* **DESCRIPTION OF THE TASK**:
Could you return every record below exactly as it stands, leaving out the pictures?

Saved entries
■ ■ ■ ■

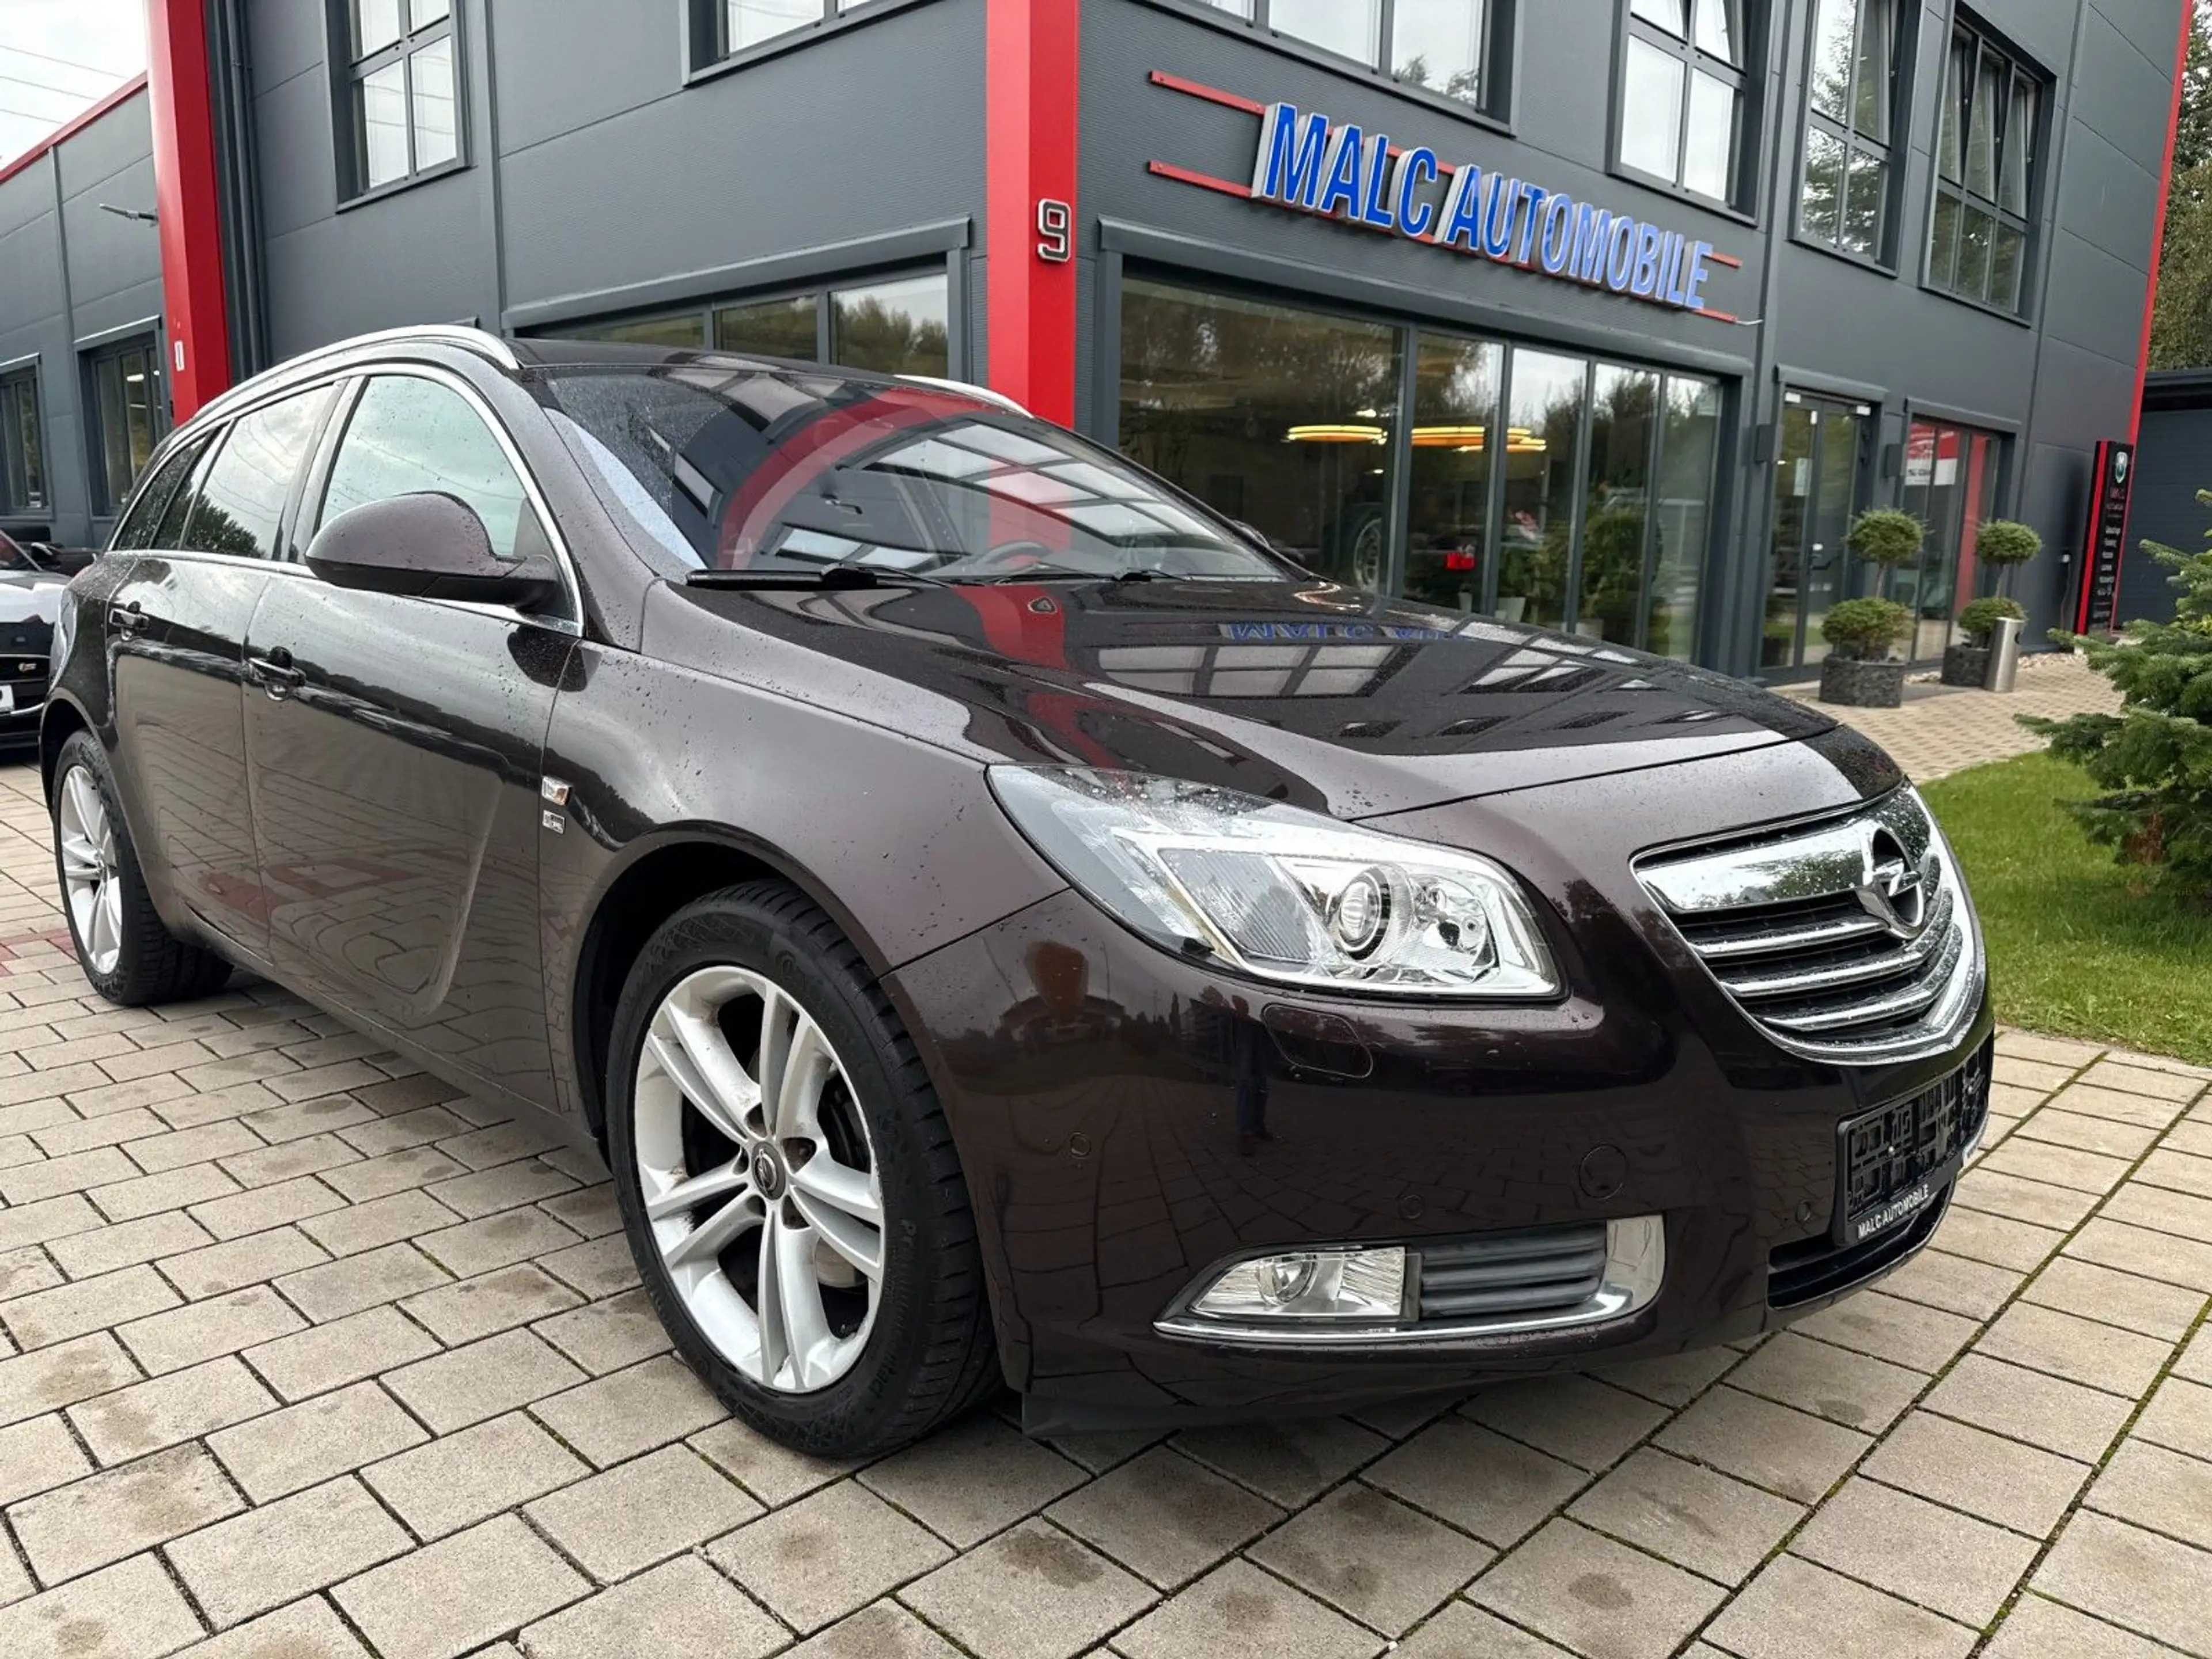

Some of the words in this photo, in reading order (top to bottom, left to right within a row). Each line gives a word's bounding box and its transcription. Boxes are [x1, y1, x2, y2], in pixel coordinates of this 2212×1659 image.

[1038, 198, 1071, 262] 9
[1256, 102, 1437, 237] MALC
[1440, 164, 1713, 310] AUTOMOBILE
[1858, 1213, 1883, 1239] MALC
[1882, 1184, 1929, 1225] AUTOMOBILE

■ ■ ■ ■

* **SOLVED PROBLEM**:
Some of the words in this photo, in reading order (top to bottom, left to right within a row). Each line gives a word's bounding box and its transcription. Boxes are [x1, y1, x2, y2], in pixel coordinates of this 2212×1659 image.

[1038, 198, 1071, 262] 9
[1256, 102, 1437, 237] MALC
[1440, 164, 1713, 310] AUTOMOBILE
[1858, 1213, 1883, 1239] MALC
[1882, 1184, 1929, 1225] AUTOMOBILE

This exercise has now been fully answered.